* REQUIRED WORK: Produce one exact copy of the records, no pictures.
■ ■ ■ ■ ■ ■ ■
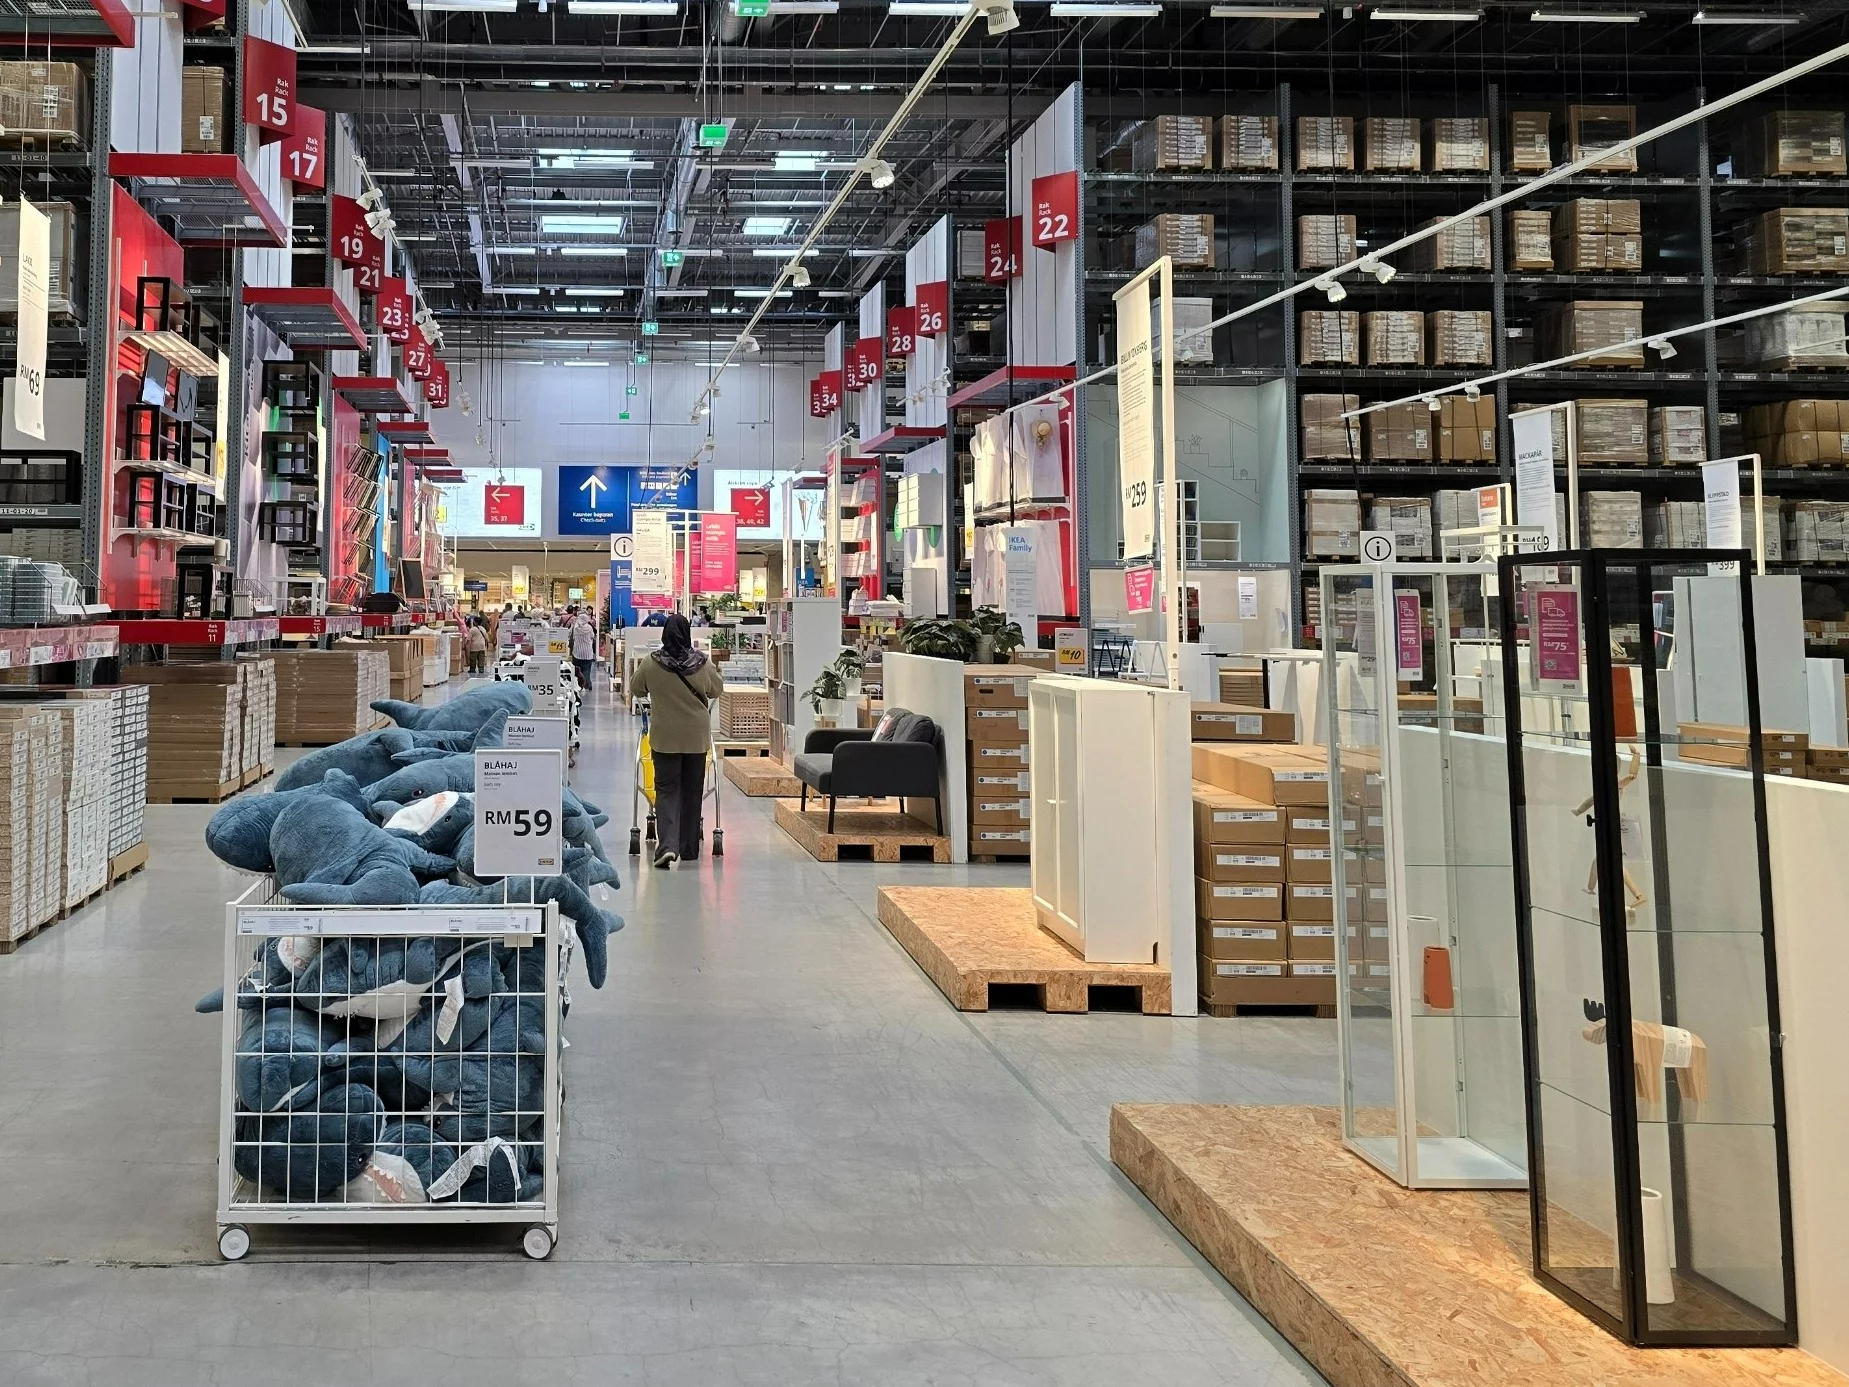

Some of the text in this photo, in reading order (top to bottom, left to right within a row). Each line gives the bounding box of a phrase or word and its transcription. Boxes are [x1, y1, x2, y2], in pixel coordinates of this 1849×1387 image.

[277, 77, 289, 88] Rak
[275, 86, 289, 97] Rack
[256, 93, 288, 126] 15
[305, 144, 318, 153] Rack
[307, 137, 319, 146] Rak
[289, 151, 318, 179] 17
[1038, 202, 1050, 210] Rak
[1038, 214, 1069, 241] 22
[340, 235, 363, 259] 19
[990, 253, 1018, 277] 24
[359, 266, 380, 288] 21
[382, 306, 402, 326] 23
[920, 312, 942, 332] 26
[891, 335, 912, 353] 28
[408, 350, 425, 367] 27
[859, 362, 877, 379] 30
[20, 364, 41, 396] RM69
[428, 383, 442, 398] 31
[821, 392, 838, 407] 34
[1125, 480, 1147, 508] RM259
[1008, 536, 1026, 544] IKEA
[1009, 544, 1033, 553] Family
[208, 634, 216, 642] 11
[1061, 649, 1081, 660] RM10
[484, 760, 518, 770] BLÅHAJ
[485, 809, 553, 837] RM59
■ ■ ■ ■ ■ ■ ■
* EXERCISE ANSWER:
Some of the text in this photo, in reading order (top to bottom, left to right within a row). Each line gives the bounding box of a phrase or word and its transcription. Boxes are [x1, y1, x2, y2], in pixel coordinates of this 1849×1387 image.

[277, 77, 289, 88] Rak
[275, 86, 289, 97] Rack
[256, 93, 288, 126] 15
[305, 144, 318, 153] Rack
[307, 137, 319, 146] Rak
[289, 151, 318, 179] 17
[1038, 202, 1050, 210] Rak
[1038, 214, 1069, 241] 22
[340, 235, 363, 259] 19
[990, 253, 1018, 277] 24
[359, 266, 380, 288] 21
[382, 306, 402, 326] 23
[920, 312, 942, 332] 26
[891, 335, 912, 353] 28
[408, 350, 425, 367] 27
[859, 362, 877, 379] 30
[20, 364, 41, 396] RM69
[428, 383, 442, 398] 31
[821, 392, 838, 407] 34
[1125, 480, 1147, 508] RM259
[1008, 536, 1026, 544] IKEA
[1009, 544, 1033, 553] Family
[208, 634, 216, 642] 11
[1061, 649, 1081, 660] RM10
[484, 760, 518, 770] BLÅHAJ
[485, 809, 553, 837] RM59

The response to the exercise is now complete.